Before I call cudaHostRegister() I read valid values from FPGA. Once I call cudaHostRegister(), I read invalid values from the same address (still the host virtual address).
The results of accessing register at offset 0x58:
FPGA Timer test read: 3836528439 ← This is a good value
cudaHostRegister host virtual address: 0x7f87335b8000 as gpu address: 0x7f87335b8000
FPGA Timer test read: 0 ← This is not valid values
I also expect the gpu address generated by cudaHostGetDevicePointer() not be identical to the host virtual address for the FPGA.
You are doing mmap. cudaHostRegister also does mmap. I don’t think that will work. NVIDIA doesn’t have any instructions or methodology for accessing 3rd party PCIE devices that way.
I realized I had an optimization bug which mislead me to believe cudaHostRegister() created a mapping problem.
After fixing the optimization problem I’m able to read from the PCIe device IO space using the GPU Kernel.
My device has canUseHostPointerForRegisteredMem == 1, so it explains why host pointer and device pointer have the same values.

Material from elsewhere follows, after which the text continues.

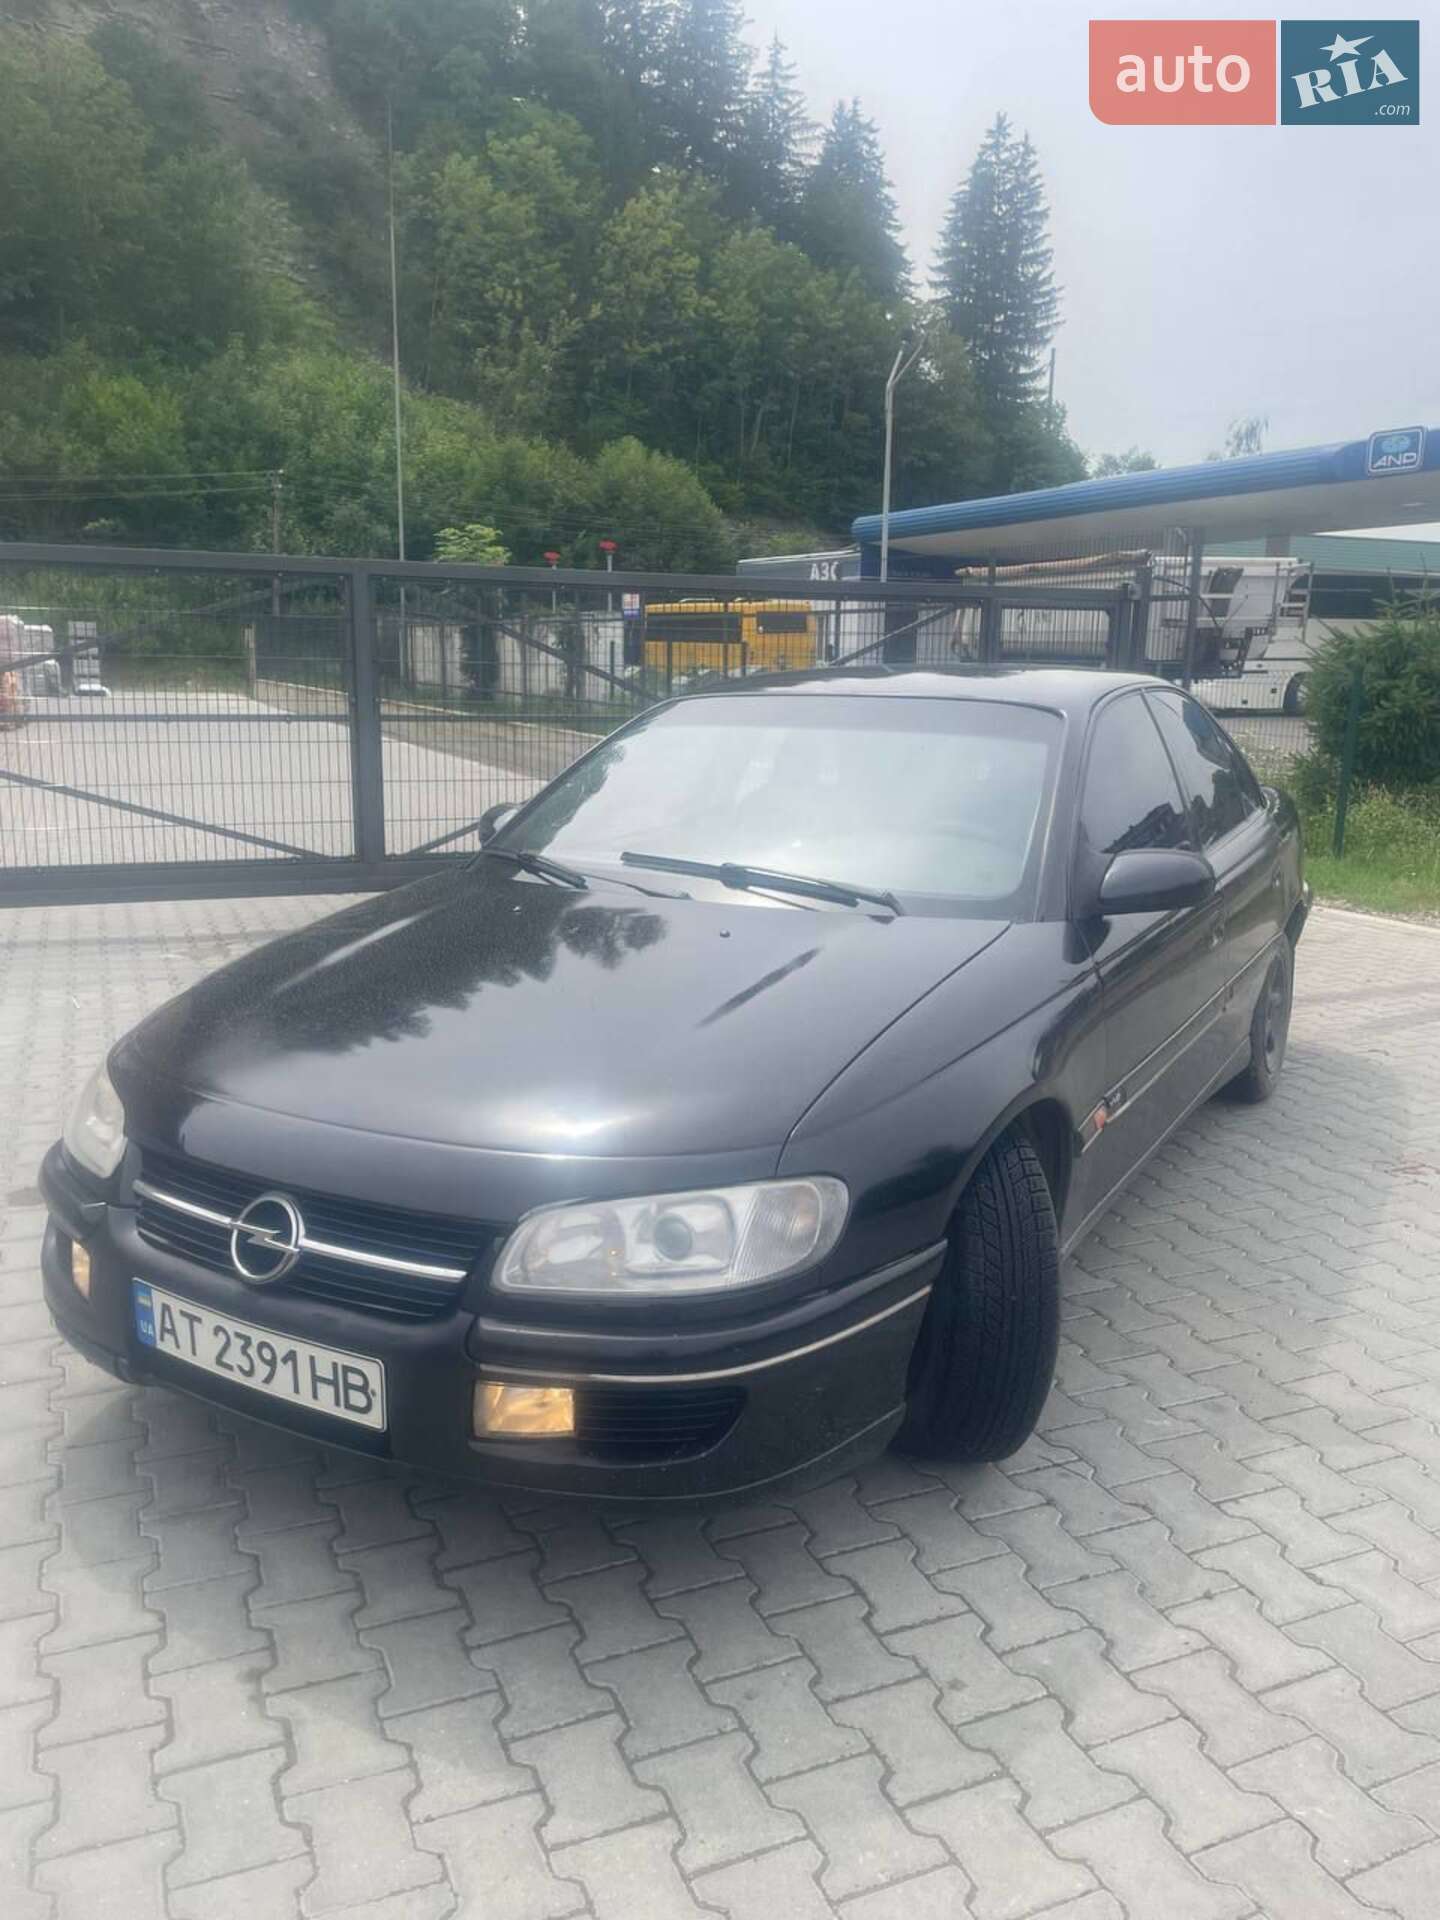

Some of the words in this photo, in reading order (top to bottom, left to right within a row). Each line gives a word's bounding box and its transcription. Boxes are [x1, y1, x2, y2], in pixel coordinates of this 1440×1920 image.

[159, 1302, 202, 1357] AT
[213, 1324, 300, 1395] 2391
[309, 1355, 373, 1415] HB

My goal is to minimize latency getting my Kernel data to the FPGA behind the PCIe device w/o waiting for synchronization end.
I need to know whether this the right technique to reduce CPU OS & CPU Driver involvement, going through a HW only path (memory controllers).
Can you confirm the memory access from the kernel to the PCIe IO mapped space uses a HW only path?